O NHS England deve garantir que cada Centro Regional tenha um serviço de acompanhamento para jovens entre os 17 e os 25 anos; quer alargando o leque de serviços regionais para crianças e jovens, quer através de serviços interligados, para garantir a continuidade dos cuidados e do apoio numa fase potencialmente vulnerável da sua jornada. Isso também permitirá a recolha de dados clínicos e de acompanhamento de pesquisas.

É necessário que haja disposições para as pessoas que consideram a destransição, reconhecendo que podem não desejar voltar a envolver-se com os serviços sob cujos cuidados estavam anteriormente.

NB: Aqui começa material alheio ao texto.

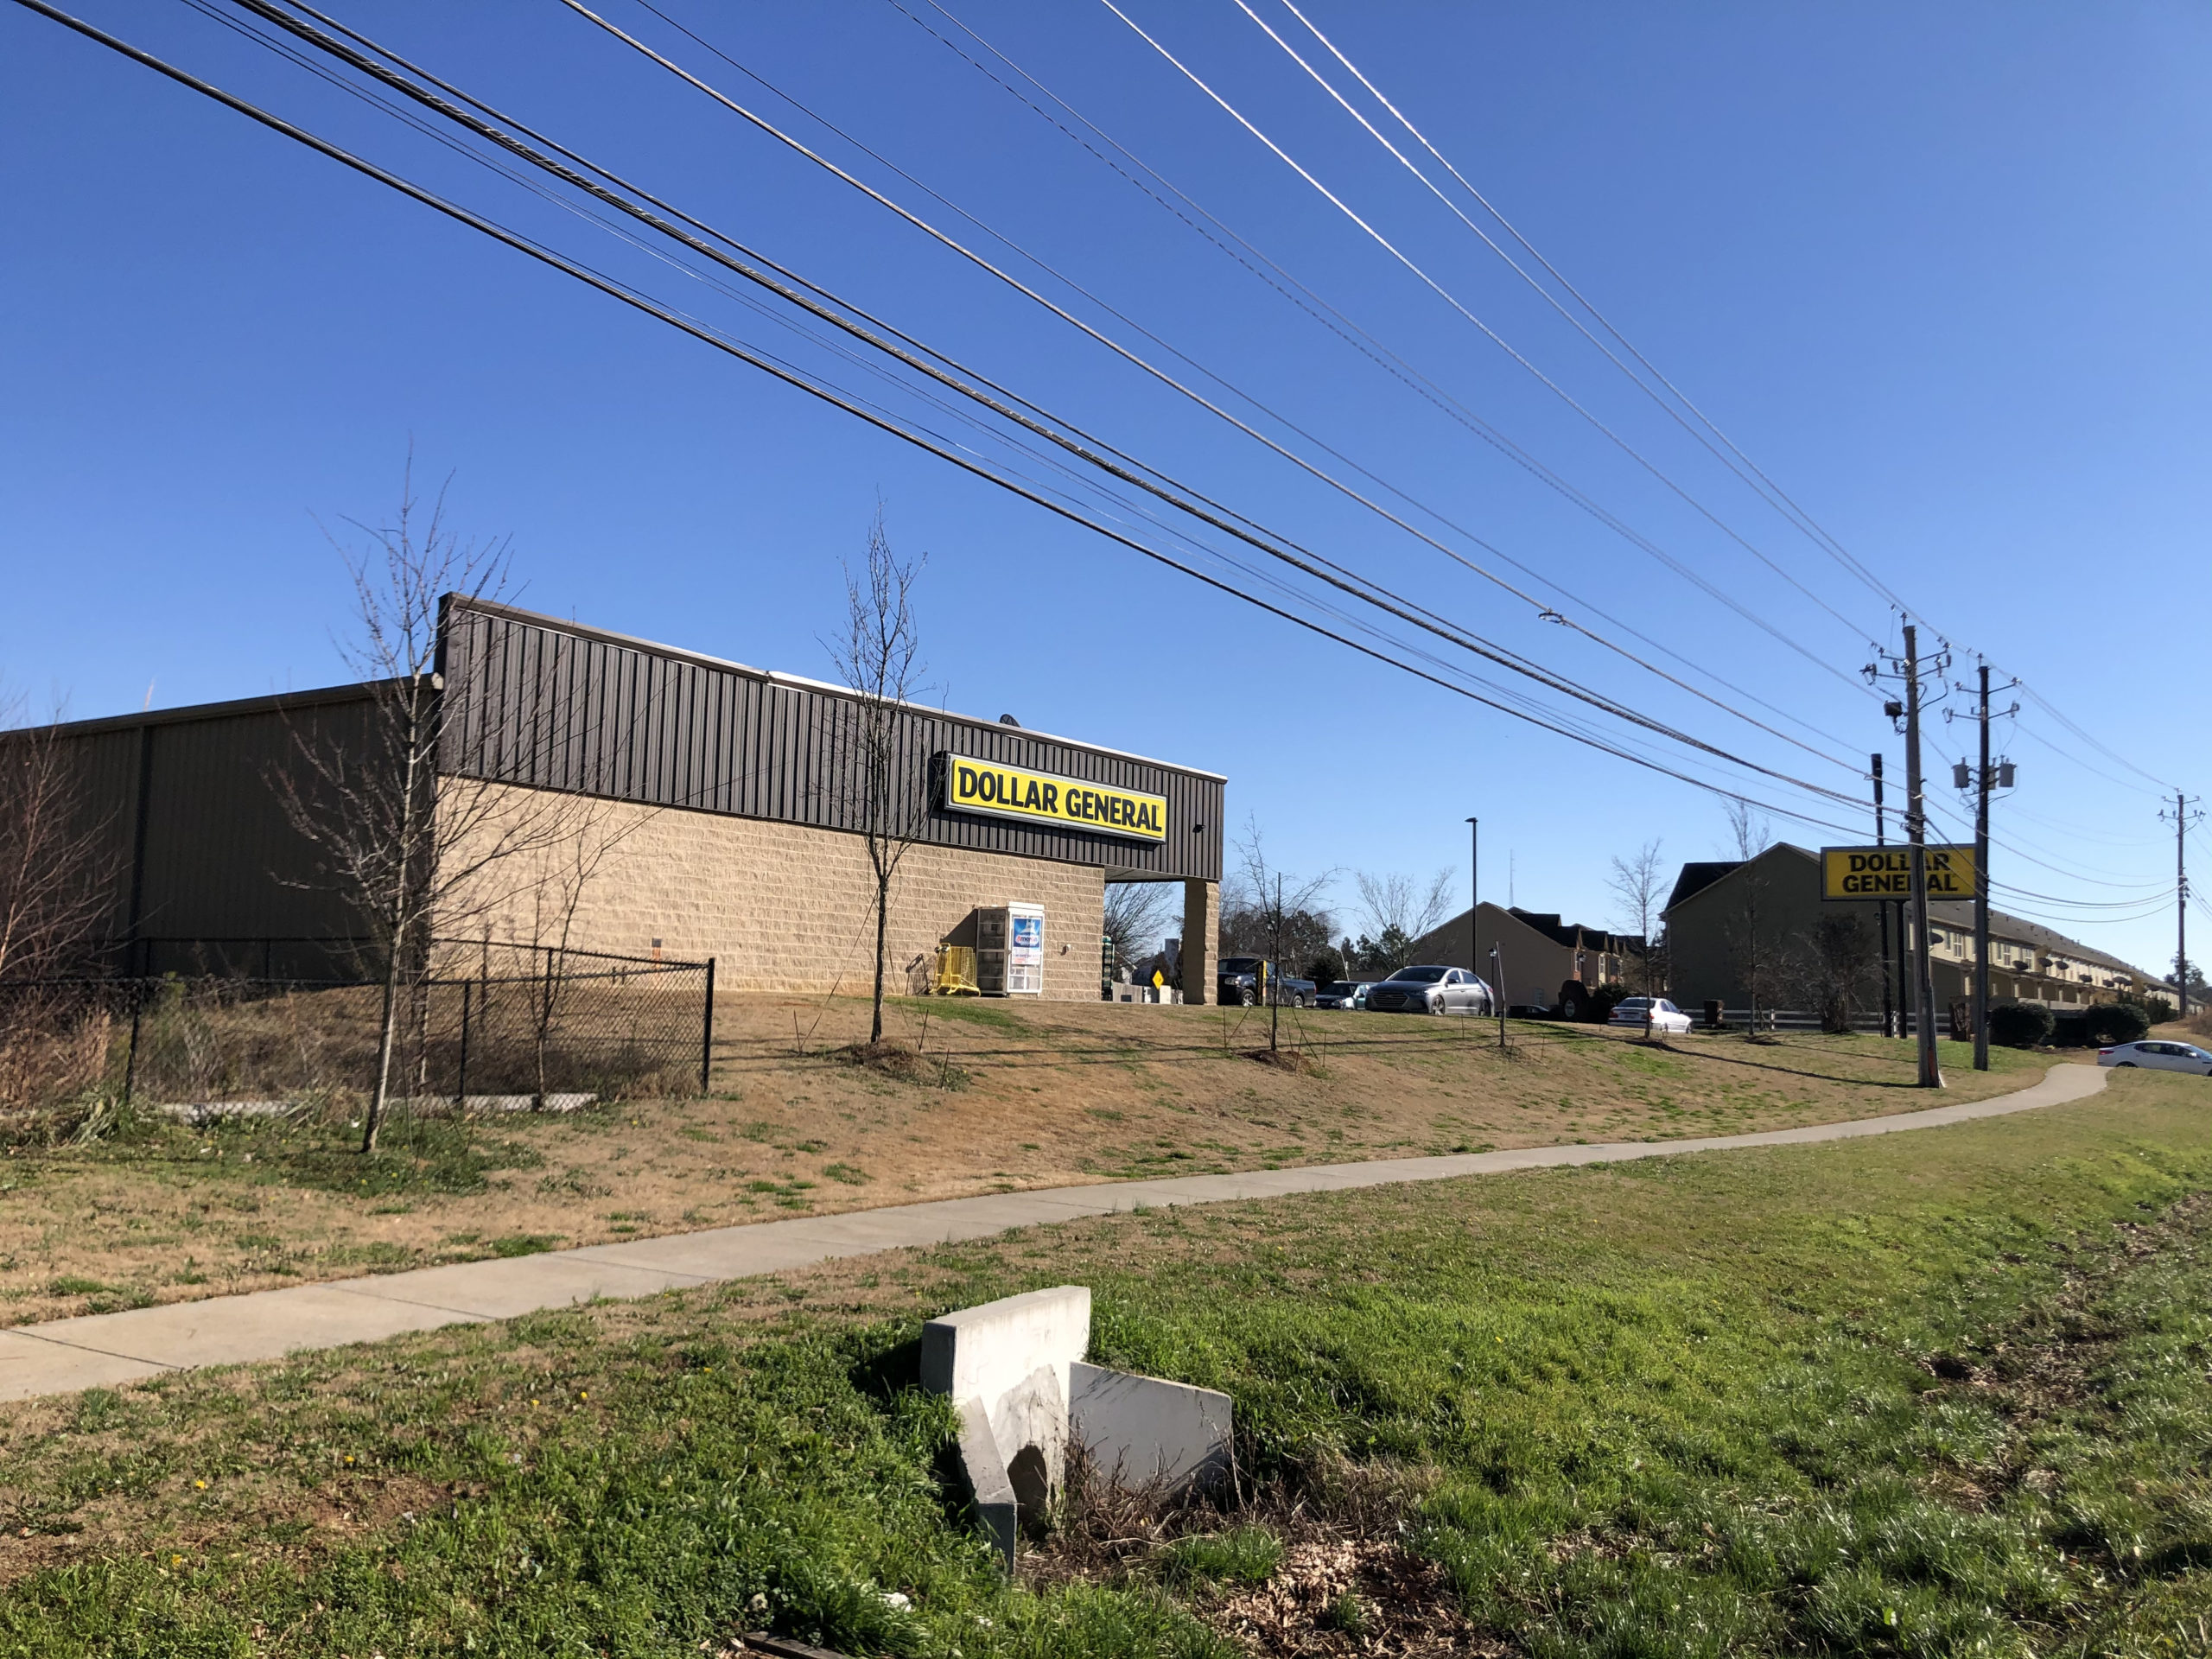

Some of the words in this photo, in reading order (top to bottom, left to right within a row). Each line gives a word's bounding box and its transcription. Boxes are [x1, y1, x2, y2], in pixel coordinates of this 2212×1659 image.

[958, 766, 1058, 814] DOLLAR
[1065, 788, 1162, 832] GENERAL
[1842, 874, 1958, 893] GENEAL

Deve ser estabelecido um programa completo de investigação para analisar as características, intervenções e resultados de cada jovem que se apresenta aos serviços de género do NHS.

O ensaio com bloqueadores da puberdade anunciado anteriormente pelo NHS England deve fazer parte de um programa de investigação que também avalia os resultados de intervenções psicossociais e de hormonas masculinizantes/feminizantes.

A opção de fornecer hormonas masculinizantes/feminizantes a partir dos 16 anos está disponível, mas a Revisão recomenda extrema cautela. Deve haver uma justificação clínica clara para fornecer hormonas nesta fase, em vez de esperar até que um indivíduo atinja os 18 anos. Cada caso considerado para tratamento médico deve ser discutido numa Equipa Multidisciplinar (MDT) nacional.

As implicações dos cuidados de saúde privados em quaisquer pedidos futuros ao SNS para tratamento, monitorização e/ou envolvimento em investigação, e as responsabilidades dos farmacêuticos na dispensa de receitas privadas devem ser claramente comunicadas.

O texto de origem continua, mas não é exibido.